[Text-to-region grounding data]
....
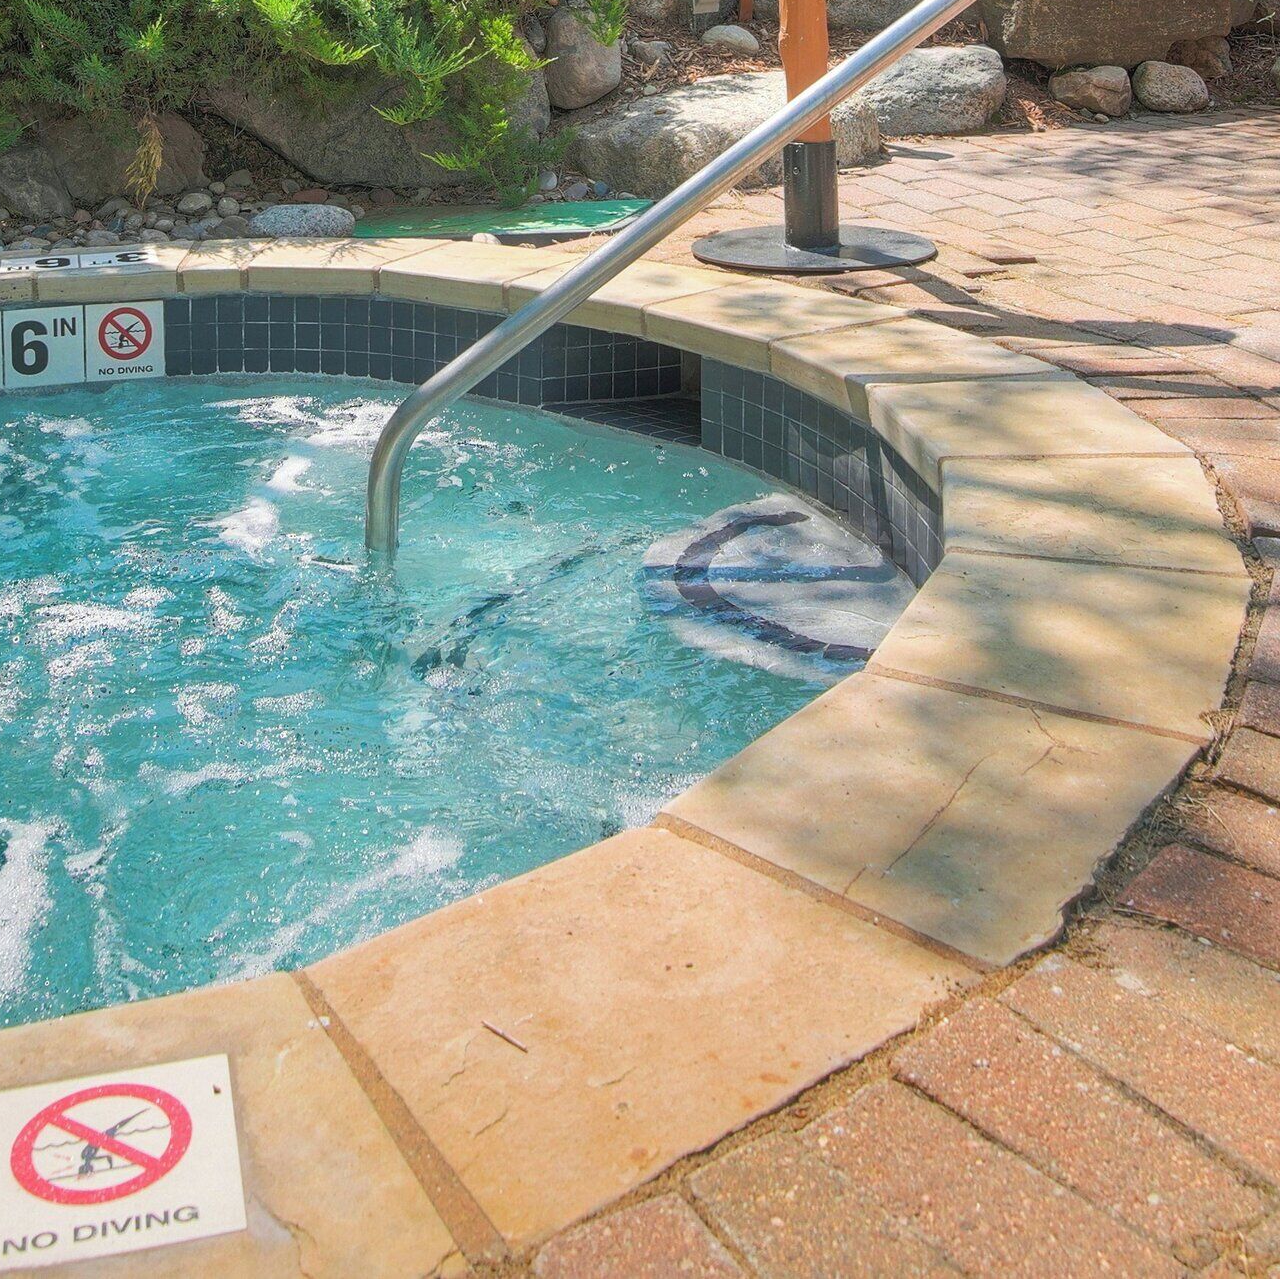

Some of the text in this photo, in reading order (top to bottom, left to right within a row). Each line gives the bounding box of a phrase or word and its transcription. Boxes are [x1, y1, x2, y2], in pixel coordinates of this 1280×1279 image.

[34, 257, 71, 268] 6
[116, 251, 150, 263] 3
[11, 320, 49, 375] 6
[53, 316, 77, 337] IN
[98, 364, 154, 376] NO DIVING
[2, 1205, 200, 1255] NO DIVING
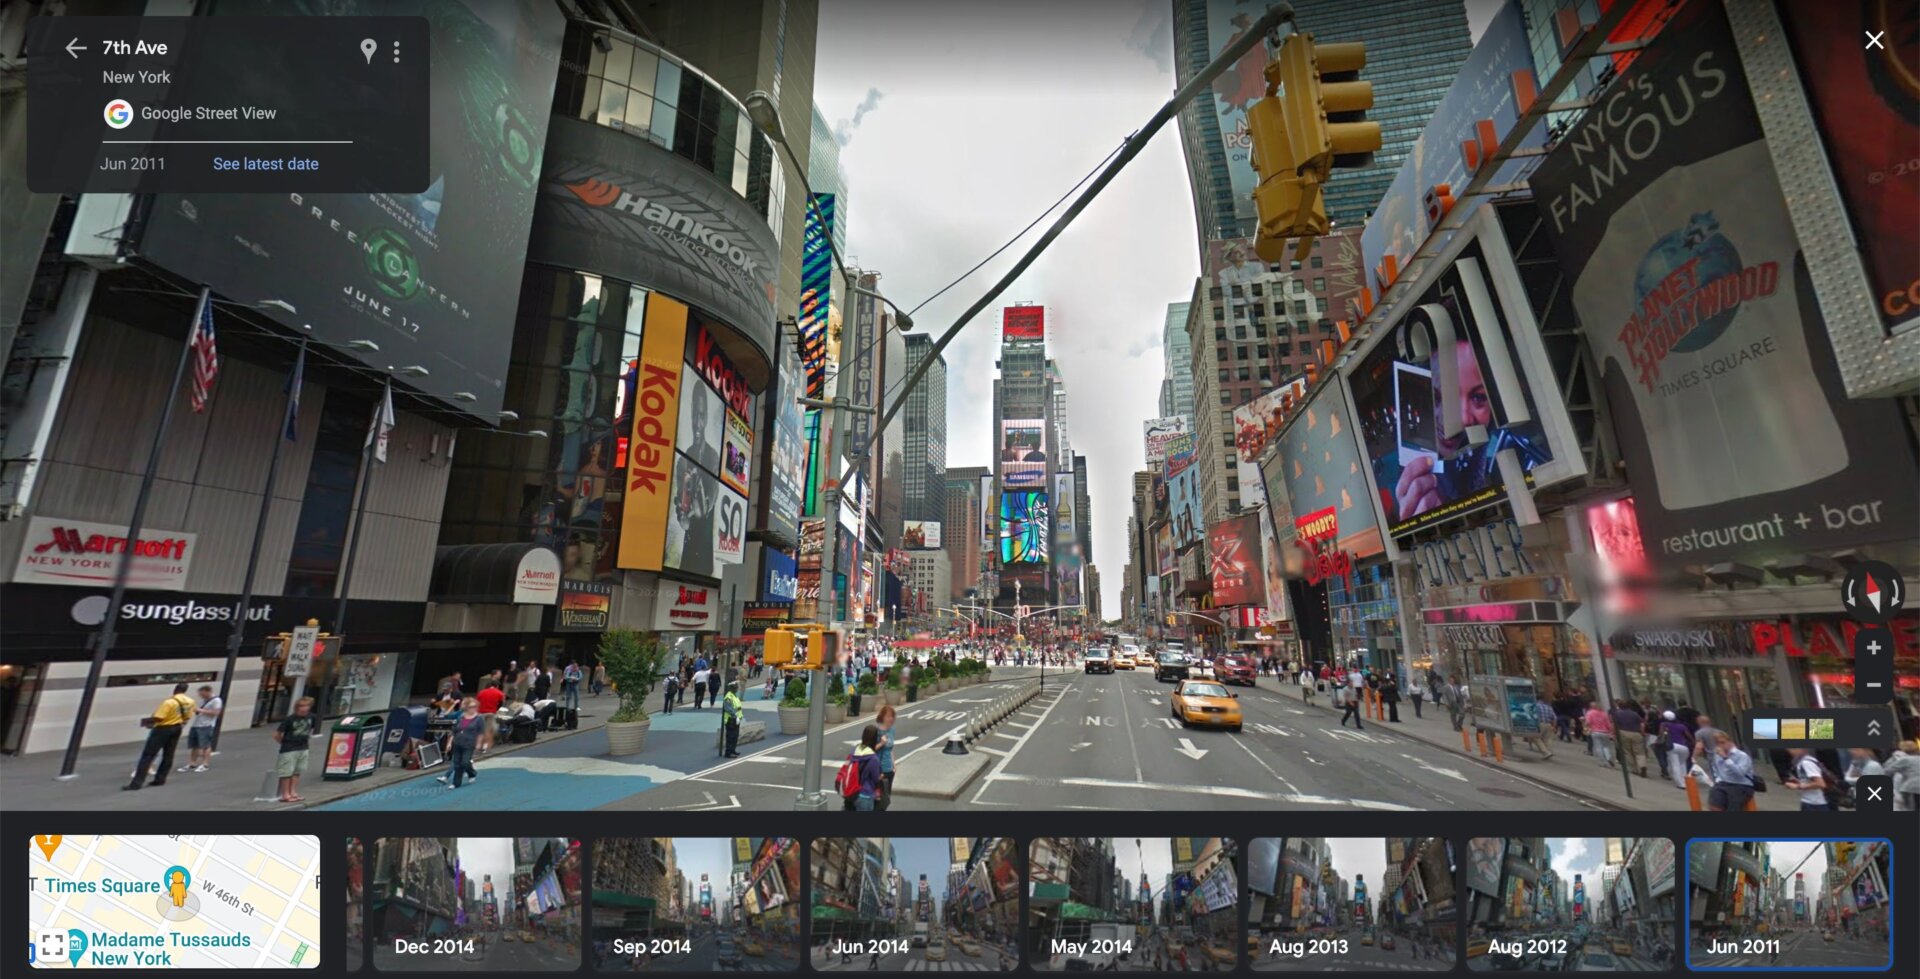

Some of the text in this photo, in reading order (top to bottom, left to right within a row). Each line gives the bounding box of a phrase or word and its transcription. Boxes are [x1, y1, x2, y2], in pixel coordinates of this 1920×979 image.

[1550, 51, 1727, 234] FAMOUS
[290, 192, 374, 255] GREEN
[389, 259, 470, 321] LANTERN
[648, 224, 707, 257] driving
[343, 285, 392, 318] JUNE
[402, 316, 420, 334] 17
[1617, 257, 1699, 367] PLANET
[1638, 261, 1780, 394] HOLLYWOOD
[694, 325, 752, 424] Kodak
[1658, 337, 1775, 398] TIMES SQUARE
[631, 363, 677, 496] Kodak
[719, 495, 743, 540] SO
[1305, 514, 1336, 538] WOODY?
[1661, 513, 1787, 556] restaurant
[1821, 500, 1884, 531] bar
[26, 555, 65, 567] NEW
[69, 558, 112, 569] YORK
[1411, 519, 1534, 590] FOREVER
[522, 569, 555, 580] Marriott
[563, 581, 611, 593] MARQUIS
[121, 600, 231, 626] sunglass
[561, 610, 607, 628] WONDERLAND
[296, 642, 308, 650] FOR
[297, 632, 313, 640] WAIT
[1635, 629, 1716, 648] SWAROVSKI
[291, 653, 308, 662] WALK
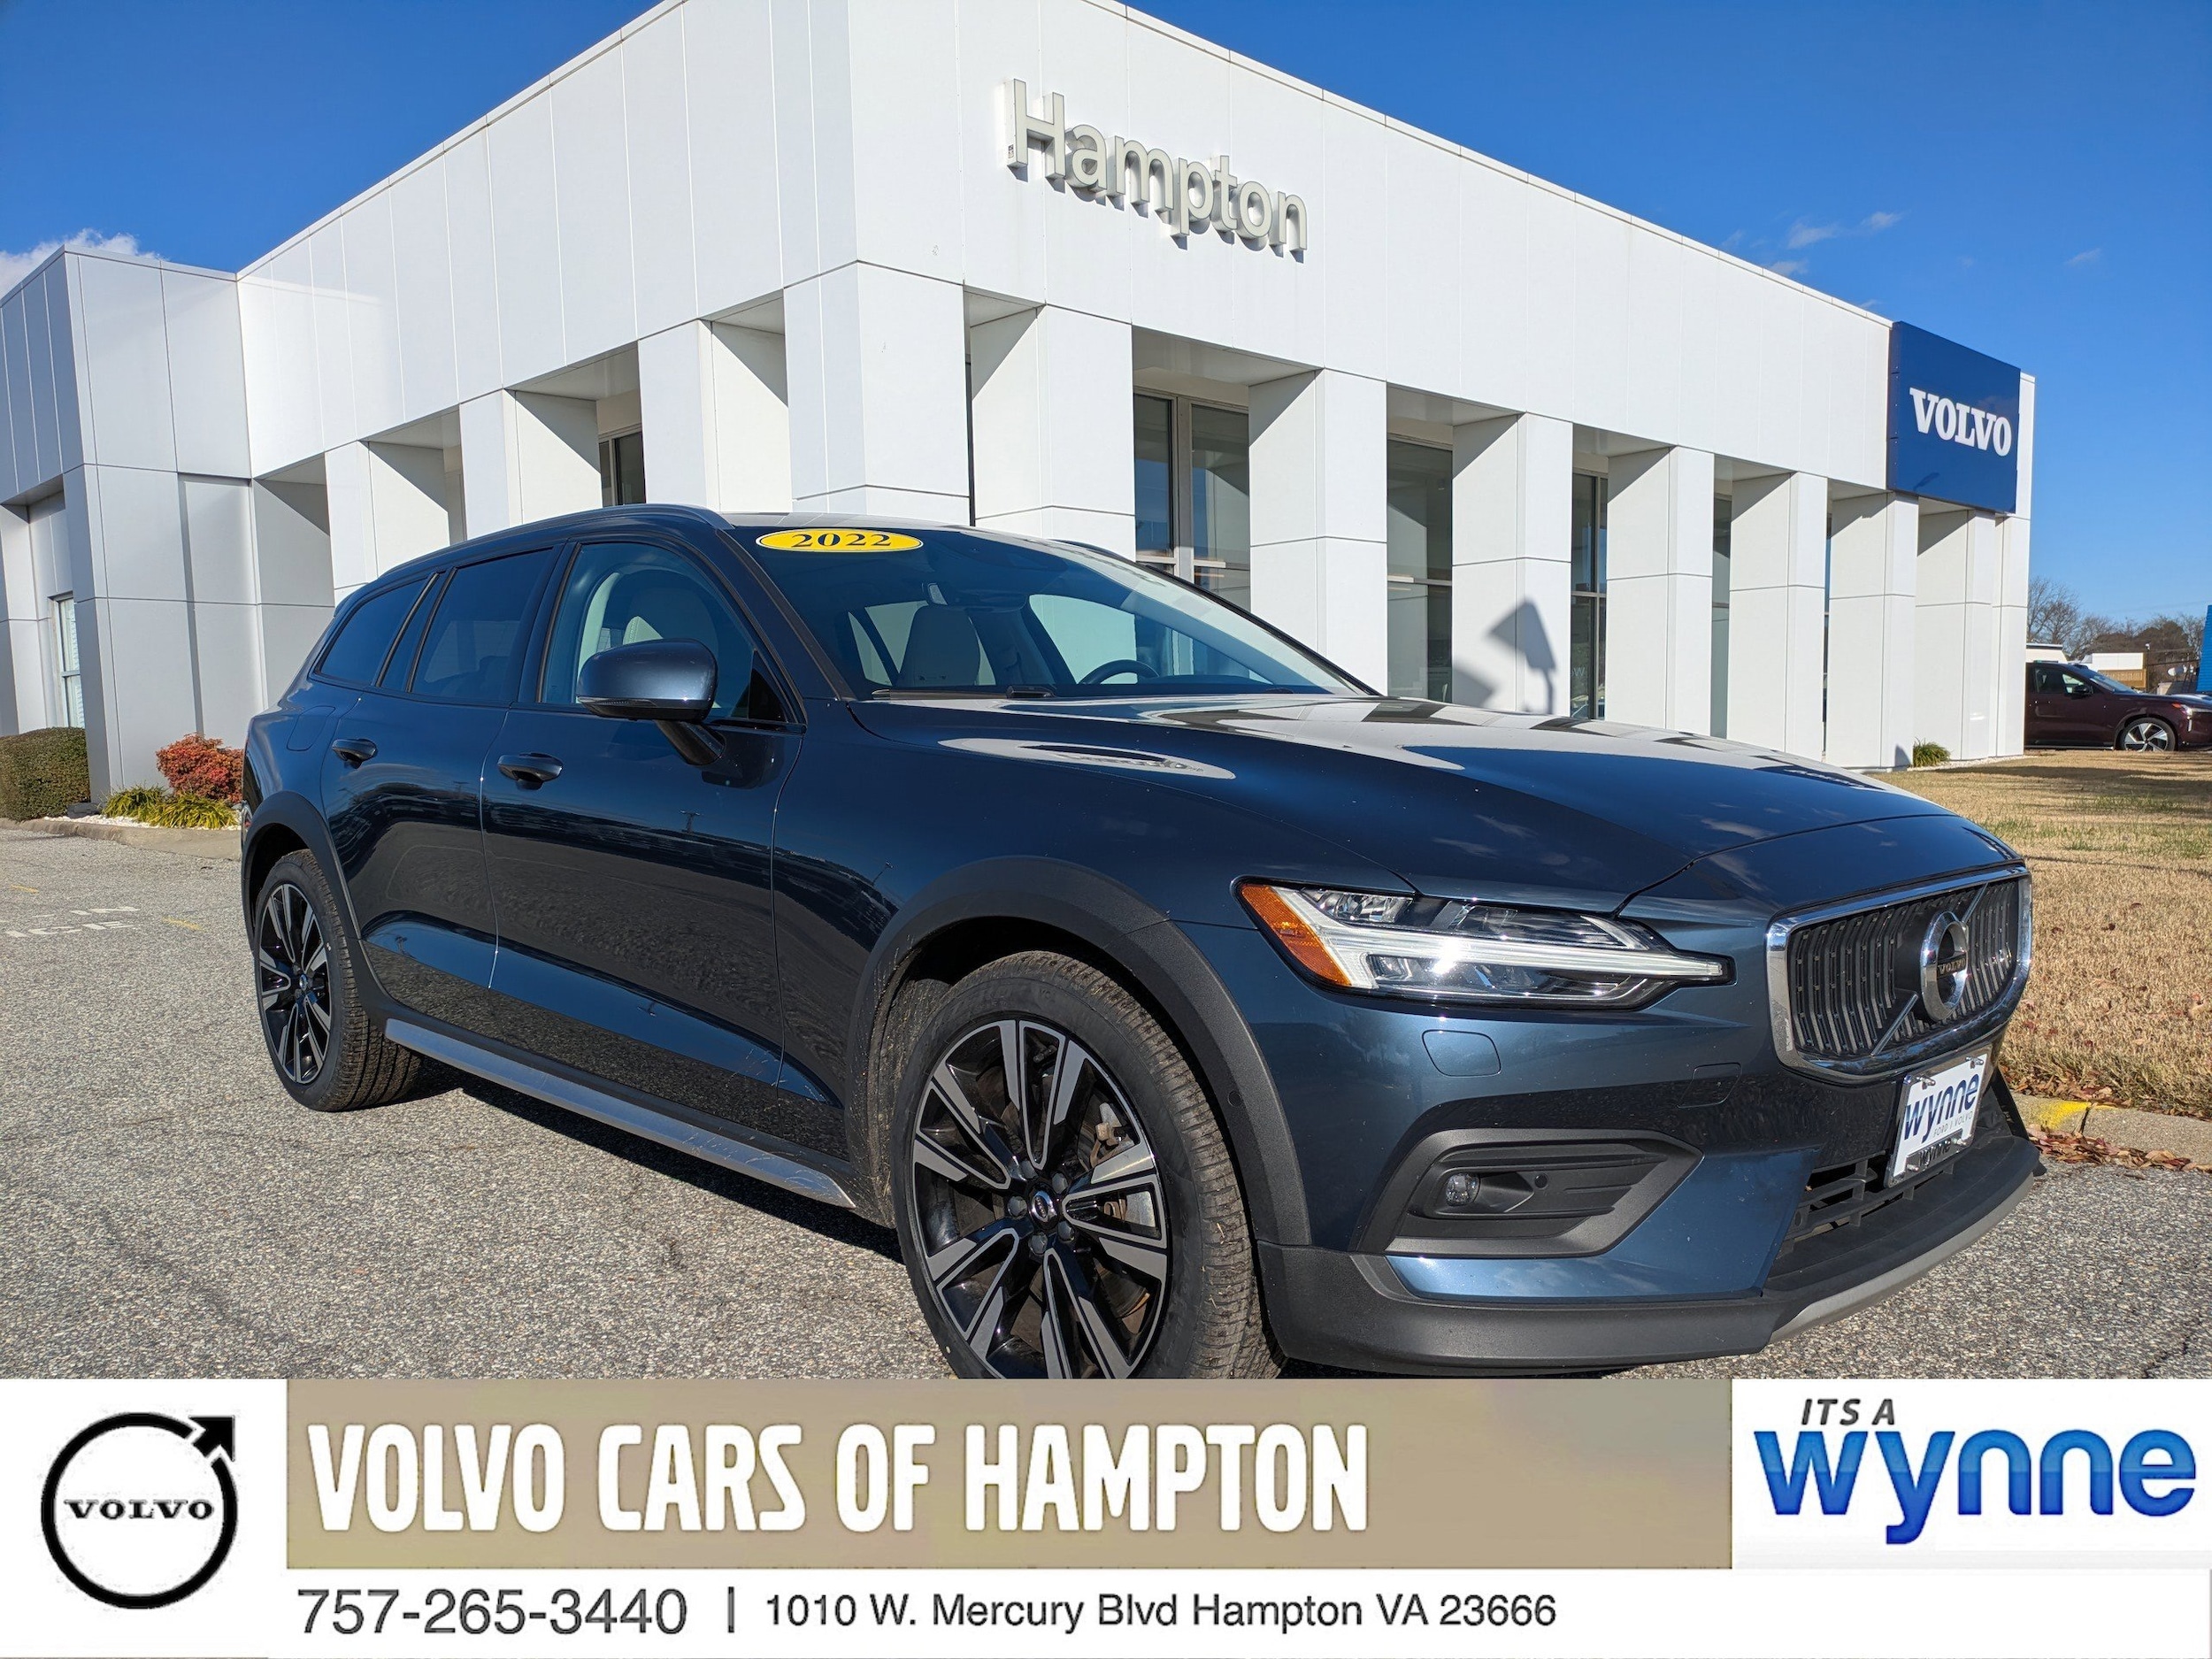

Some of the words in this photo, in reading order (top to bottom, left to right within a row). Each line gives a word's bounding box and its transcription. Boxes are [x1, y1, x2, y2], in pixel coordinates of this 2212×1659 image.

[1007, 78, 1309, 257] Hampton
[1909, 387, 2012, 457] VOLVO
[791, 533, 892, 548] 2022
[1904, 1073, 1979, 1143] wynne
[1932, 1123, 1948, 1138] FORD
[1955, 1110, 1973, 1126] VOLVO
....
_WHAT TO PRODUCE_:
When you reach the line containing "Some of the words" in the data above, retype it and each line after it through the final one, exactly as written.

_REPLY TO THE TASK_:
Some of the words in this photo, in reading order (top to bottom, left to right within a row). Each line gives a word's bounding box and its transcription. Boxes are [x1, y1, x2, y2], in pixel coordinates of this 2212×1659 image.

[1007, 78, 1309, 257] Hampton
[1909, 387, 2012, 457] VOLVO
[791, 533, 892, 548] 2022
[1904, 1073, 1979, 1143] wynne
[1932, 1123, 1948, 1138] FORD
[1955, 1110, 1973, 1126] VOLVO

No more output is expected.